Wara Sinuhaji, Edy Rahmayadi Menjawantahkan Diri dari Trah Putri Hijau

Breaking News

- Advertisement -
- Advertisement -
- Advertisement -
- Advertisement -

MUDANEWS.COM, Deli Serdang – Sejarawan Wara Sinuhaji menjelaskan antara fakta dan mitos, sebelum ada kerajaan melayu di wilayah Sumatera Timur itu, kerajaan aru yang berpusat di Desa Deli Tua, Kecamatan Namorrambe, Kabupaten Deli Serdang, artinya sebelum ada kerajaan Deli.

Setelah masuk Islam, baru ada kerajaan Deli, kalau kita berbicara dengan melayu dan Karo, ia mengatakan Karo yang duluan. Melayu itu identik dengan Islam, kalau tidak ada Islam tidak ada melayu, makanya melayu bukan konsep etnik, tapi konsep budaya.

“Siapa saja bisa menjadi melayu asalkan dia menjalankan adat istiadat dan bahasa melayu serta Islam. Jadi orang melayu tidak ada yang tidak Islam,” ungkapnya saat ditemui mudanews.com beberapa waktu lalu.

Ia menambahkan, melayu terbentuk setelah portugis menghancurkan Bandar Melaka sehingga Raja-raja Melaka bertaburan lari ke Pesisir Pantai Sumatera, ada yang ke Riau, Sumatera Timur.

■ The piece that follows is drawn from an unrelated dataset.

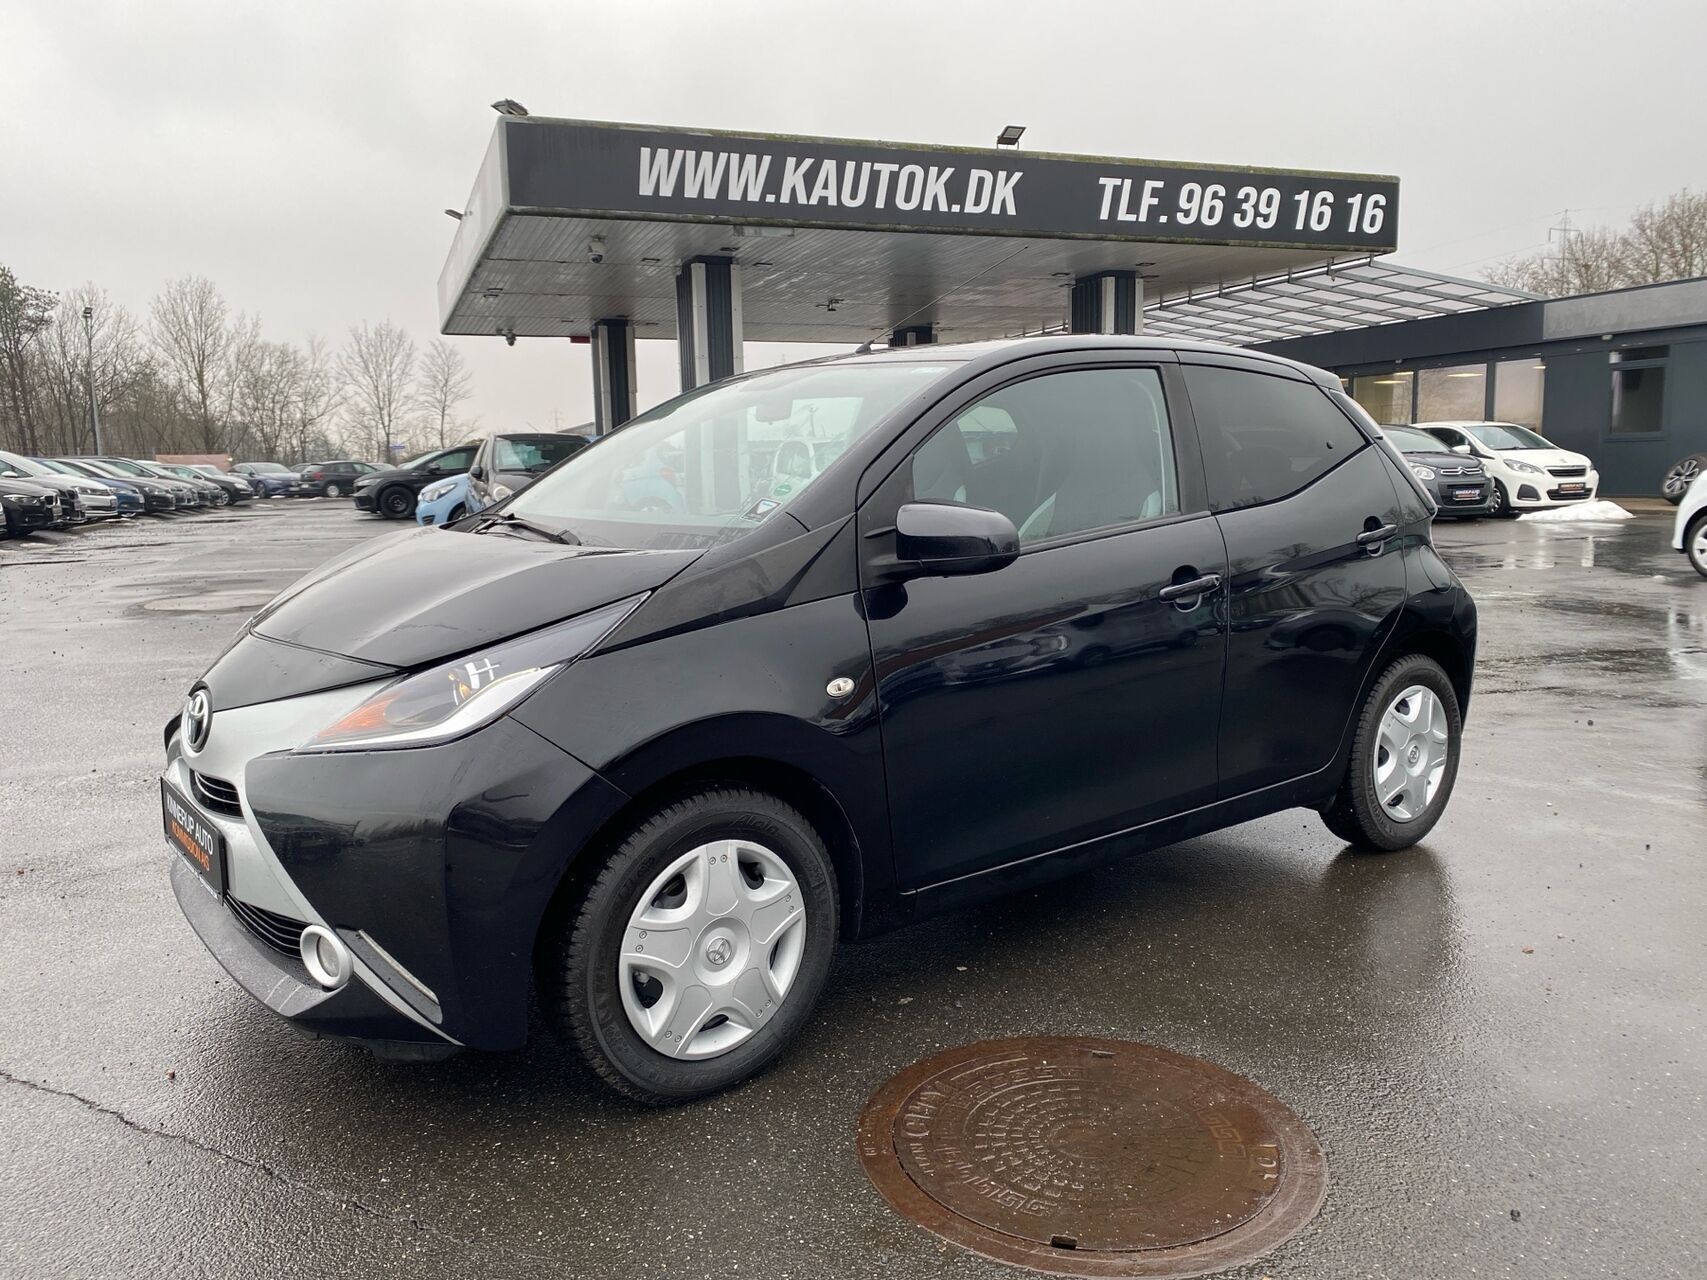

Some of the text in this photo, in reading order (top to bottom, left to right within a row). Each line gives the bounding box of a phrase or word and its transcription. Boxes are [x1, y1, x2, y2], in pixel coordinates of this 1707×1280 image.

[639, 147, 1023, 215] WWW.KAUTOK.DK
[1099, 177, 1387, 234] TLF. 96 39 16 16
[195, 822, 213, 855] AUTO

Kemudian mereka menjalin hubungan dagang dengan masyarakat pedalaman.

“Masyarakat pedalaman saling mempengaruhi satu sama lain, makanya banyak orang Karo menjadi jawi atau menjadi melayu, masuk Islam,” papar Wara.

Ia menceritakan, itulah cikal bakal melayu di Sumatera Timur dengan masyarakat pendatang yang muncul dari luar di pesisir yang saat  itu di abad ke XV dan XVI sudah mulai membangun pendekatan-pendekatan hubungan dagang dengan masyarakat pedalaman.

“Anak-Anak muda sekarang selalu menginterprestasikan bahwasannya seoalah-olah pada abad ke VX sudah ada pesawat udara, padahal belum ada,” jelasnya.

Wara menjelaskan, jalur transportasi yang penting itu adalah sungai. Nah kalau kita lihat sungai dari muara sungai masuk ke pedalaman. Menelisik dari sejarah itu, orang-orang yang menjadi Sultan dan Raja itukan jagoan atau preman, dia yang menguasai posisi strategis dunia jalur niaga (perdagangan), mulai dari muara sungai terus ke pedalaman.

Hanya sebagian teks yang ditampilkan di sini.